Como resultado, surgiu, em 1842, o Partido Nacional de Pernambuco — uma dissidência local do Partido Liberal, aqui controlado pelos Cavalcanti de Albuquerque. Formado por padres, militares, comerciantes, advogados etc., e apelidado de “praieiro” porque seu principal jornal, o “Diário Novo”, tinha sede na Rua da Praia, ele representava as “classes inferiores”, “deserdadas dos bens sociais ou oprimidas por leis tirânicas e ofensivas dos seus supostos direitos”, nas palavras de um conservador. E chegou a governar a província por mais de três anos.

Mais um levante por terra, justiça e trabalho

Em 1844, com a vitória do Partido Liberal sobre o Conservador nas eleições nacionais, o baiano Chichorro da Gama foi nomeado presidente de Pernambuco e fez um governo popular. Além de trocar guabirus por praieiros nos cargos públicos, ele teve a audácia de mandar a polícia varejar engenhos em busca de criminosos lá acoitados — uma novidade que teve um grande impacto político porque, até então, só se entrava nas grandes propriedades com autorização dos seus donos.
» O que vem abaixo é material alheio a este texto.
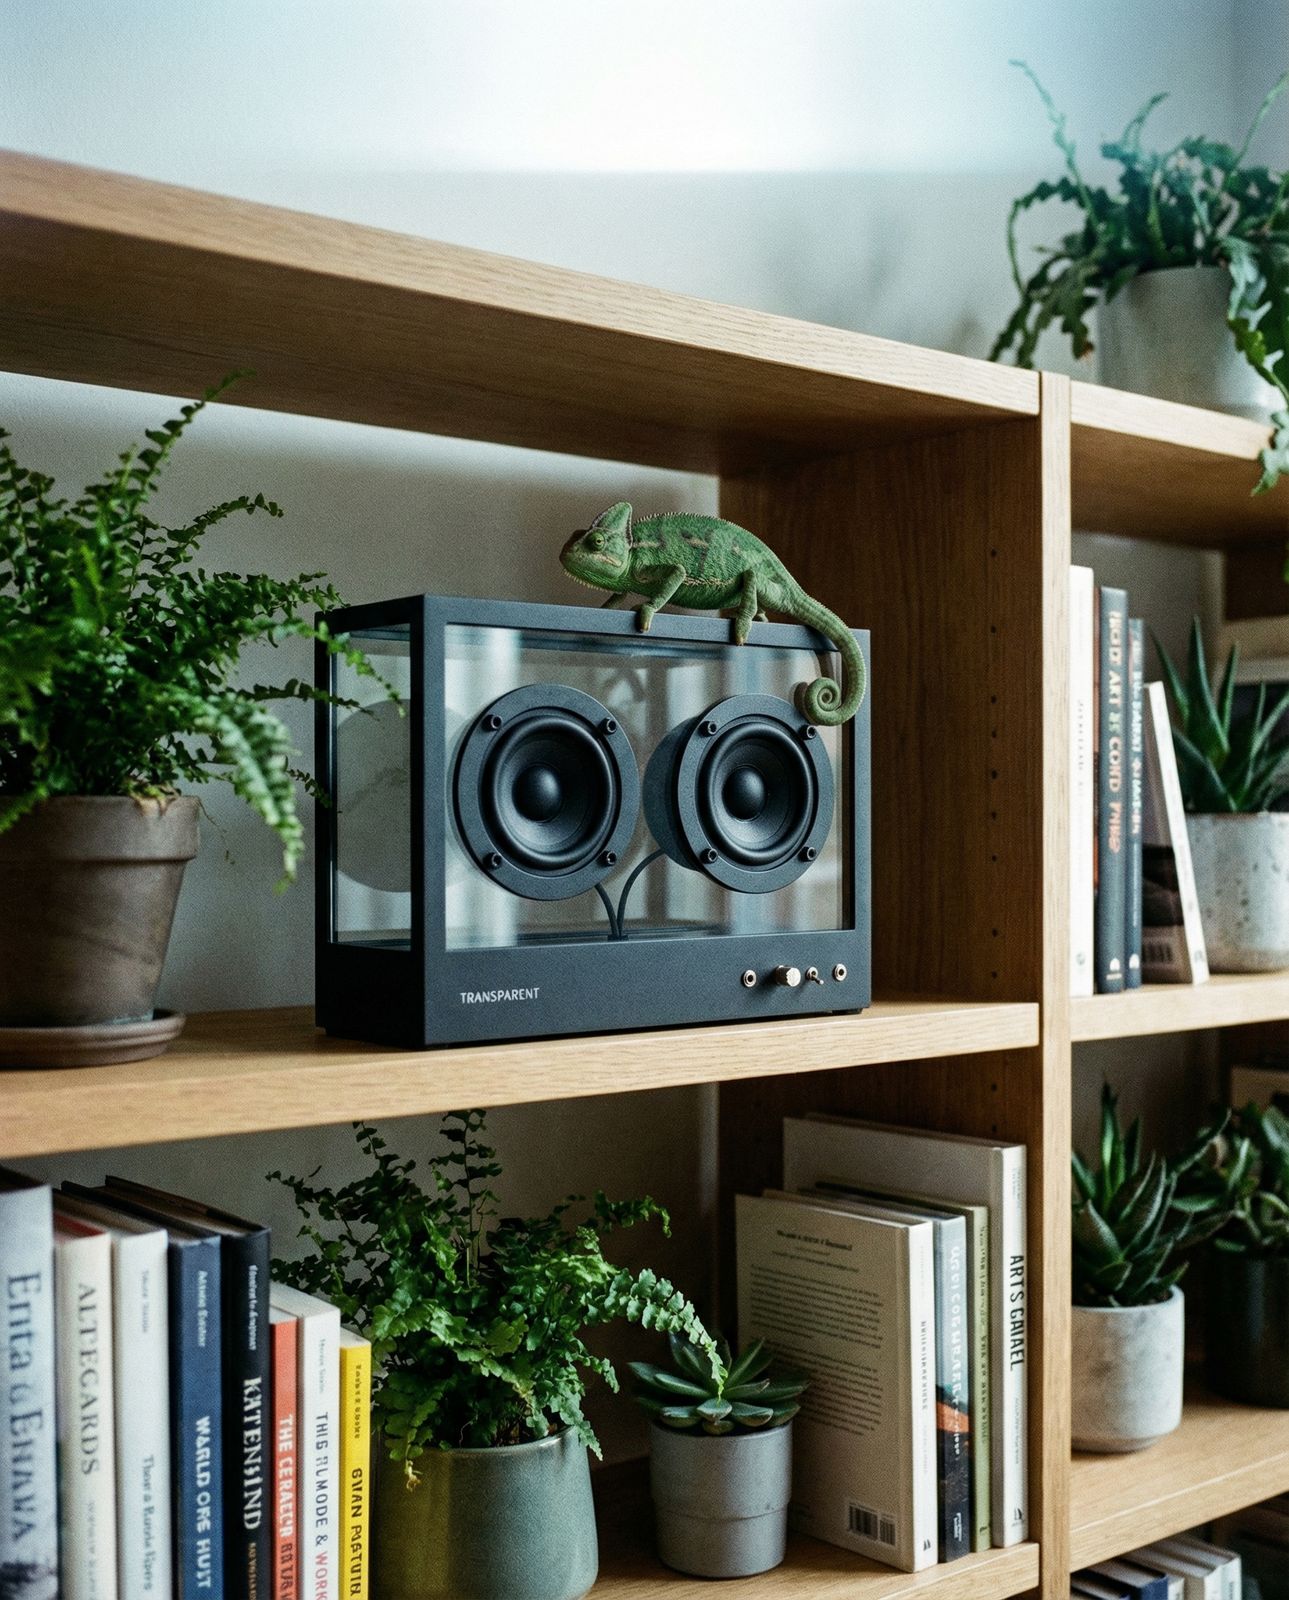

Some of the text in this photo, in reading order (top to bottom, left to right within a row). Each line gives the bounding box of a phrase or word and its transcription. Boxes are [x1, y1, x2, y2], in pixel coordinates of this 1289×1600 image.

[460, 987, 540, 1004] TRANSPARENT
[1009, 1255, 1025, 1303] ARTS
[279, 1413, 294, 1453] THE
Em 1848, porém, a roda da fortuna girou novamente. Os luzias (liberais) perderam as eleições nacionais; o saquarema (conservador) pernambucano Pedro de Araújo Lima, Visconde de Olinda, assumiu a chefia do gabinete ministerial; e Chichorro da Gama foi despachado de Pernambuco. E o Barão achou que as coisas voltariam ao seu devido lugar, assim como o Capibaribe transbordava, mas sempre retornava ao seu leito, após as chuvas — ou seja, com os poderosos mandando e os pequenos obedecendo.

Daquela vez, porém, não foi assim.

Os praieiros não aceitaram a derrota e não se recolheram, à espera de outra oportunidade pelo voto. Em vez disso, formaram uma junta provisória, liderada por Peixoto de Brito, e se levantaram em armas, repetindo o que outros pernambucanos haviam feito inúmeras vezes, no passado. E no dia dois de fevereiro de 1849 eles conseguiram chegar a poucas braças do Palácio do Governo, já estando perto de derrubar o presidente Manoel Tosta, quando o inesperado aconteceu.
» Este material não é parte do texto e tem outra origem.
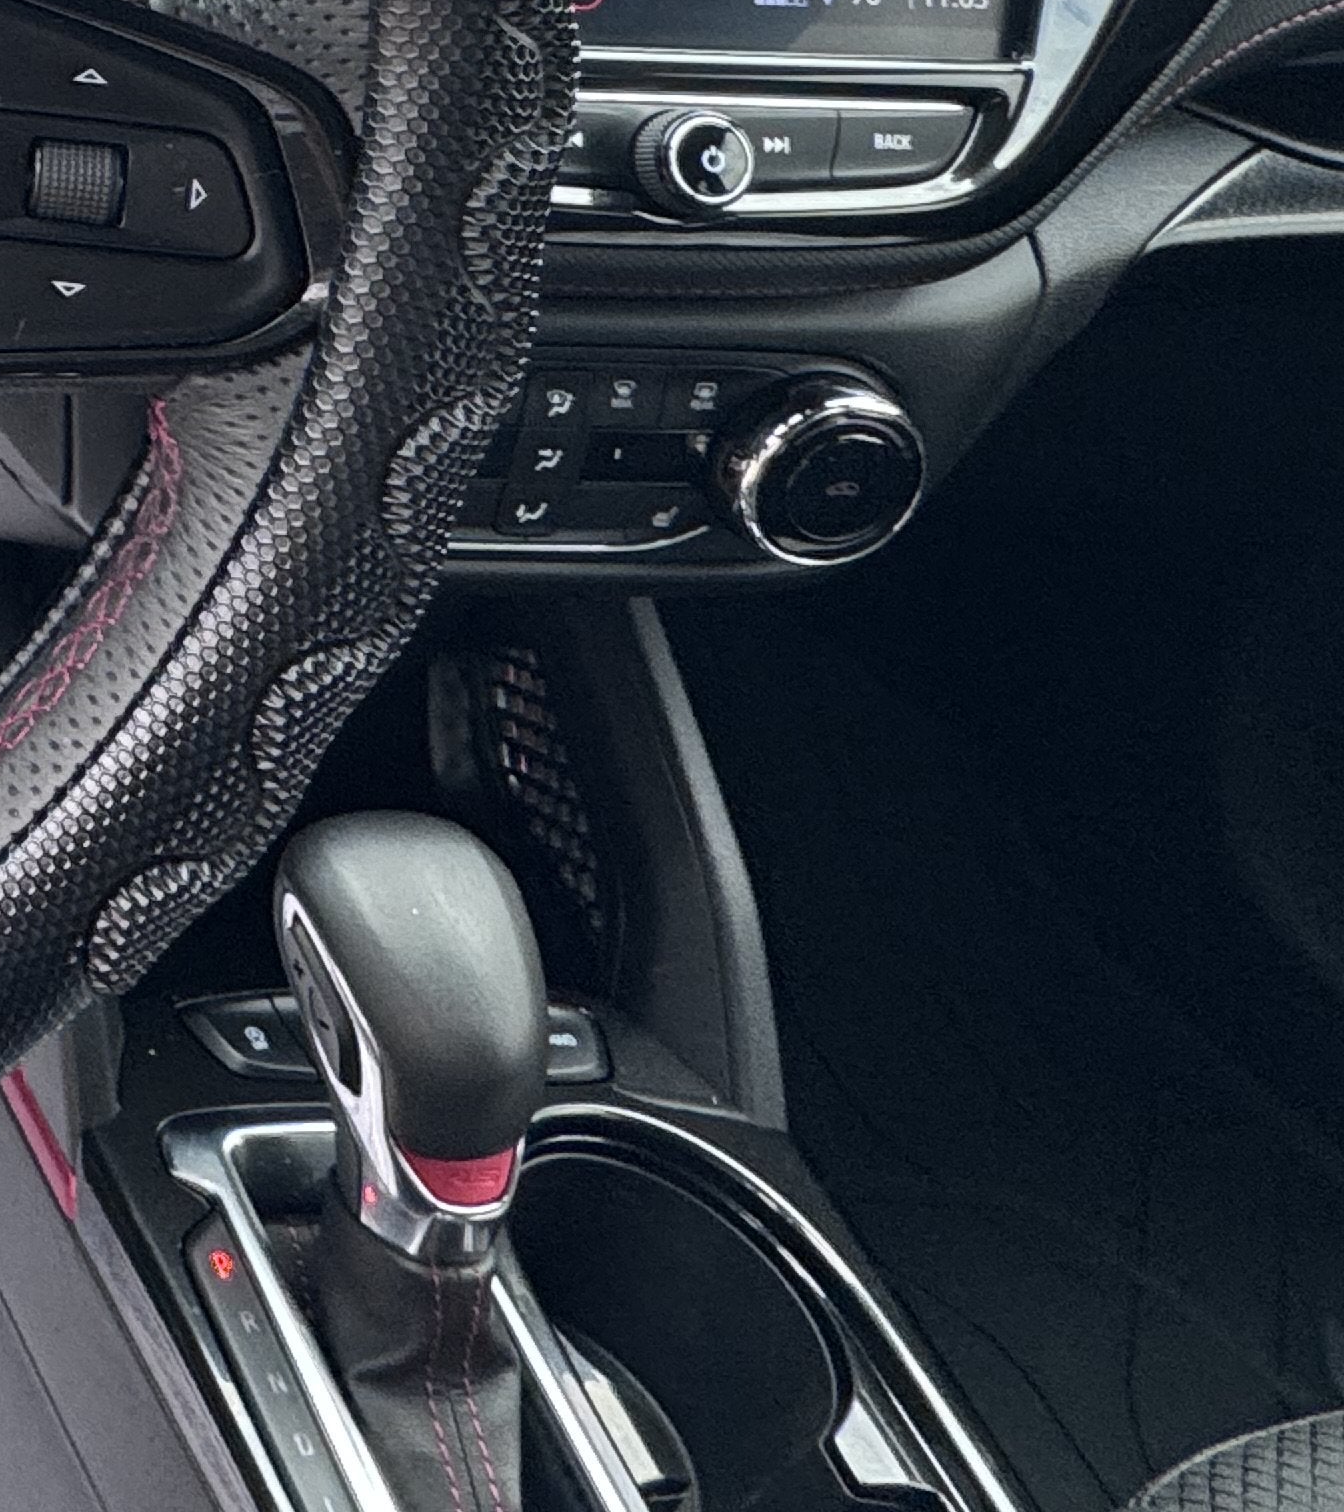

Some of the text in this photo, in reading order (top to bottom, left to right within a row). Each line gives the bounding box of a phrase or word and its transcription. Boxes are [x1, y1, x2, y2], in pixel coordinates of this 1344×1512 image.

[873, 132, 912, 150] BACK
[209, 1250, 234, 1280] P
[240, 1310, 260, 1334] R
A notícia da morte em combate de um dos principais líderes da Praia, o deputado Joaquim Nunes Machado, no Largo da Soledade, fez cessar subitamente o ataque, para alegria do Barão. E o movimento revolucionário, que ainda se manteve por algum tempo, no interior, foi ficando cada vez mais fraco, até seu fogo apagar de vez.
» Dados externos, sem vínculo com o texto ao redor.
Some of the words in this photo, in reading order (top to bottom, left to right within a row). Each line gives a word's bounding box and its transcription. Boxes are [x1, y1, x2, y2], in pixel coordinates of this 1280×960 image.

Francisco do Rego Barros foi ainda promovido a visconde, em 1858, e a conde, em 1860. E ganhou as comendas da Casa Imperial, da Imperial Ordem do Cruzeiro, da Imperial Ordem da Rosa, da Imperial Ordem de São Bento de Avis e da Ordem Militar de Cristo. Também foi deputado geral e senador do Império, de 1850 a 1870, e presidente do Rio Grande do Sul, entre 1865 e 1867, lá acumulando a função de Comandante das Armas, durante a Guerra do Paraguai. E morreu no Recife, em 1870.
Na próxima semana, o agitador Borges da Fonseca.

Revolução urbana

Ao Barão e ao engenheiro francês Louis Vauthier os recifenses devem, além do Palácio do Governo e do Teatro de Santa Izabel, o Ginásio Pernambucano, a Assembleia Legislativa, a Alfândega (o Paço atual), a Penitenciária (hoje, Casa da Cultura), a ponte pênsil de Caxangá (a primeira desse tipo, no Brasil, destruída por uma enchente do Capibaribe, em 1869), além da reforma das pontes do Recife e da Boa Vista. E, ainda, o aterro de vários manguezais, inclusive um que possibilitou a abertura do Caminho Novo, uma estrada que partia da Rua da Aurora em direção à Várzea — hoje, no seu trecho inicial, a Avenida Conde Boa Vista.

Regressão social

Jerônimo Figueira de Melo, chefe de polícia conservador, assim analisou o governo do Barão: “Como consequência desses manejos, resultou que a província se dividiu em dois partidos. A um deles estão ligados os proprietários, os negociantes, os capitalistas, todas as classes ilustradas e os primeiros empregados do governo. Ao outro, guardadas algumas exceções, aderiram as classes inferiores e ignorantes da população que, julgando-se deserdadas dos bens sociais ou oprimidas por leis tirânicas e ofensivas dos seus supostos direitos, nutrem no coração os sentimentos do ódio, da inveja e da vingança contra as classes superiores, no mais elevado ponto de exaltação”.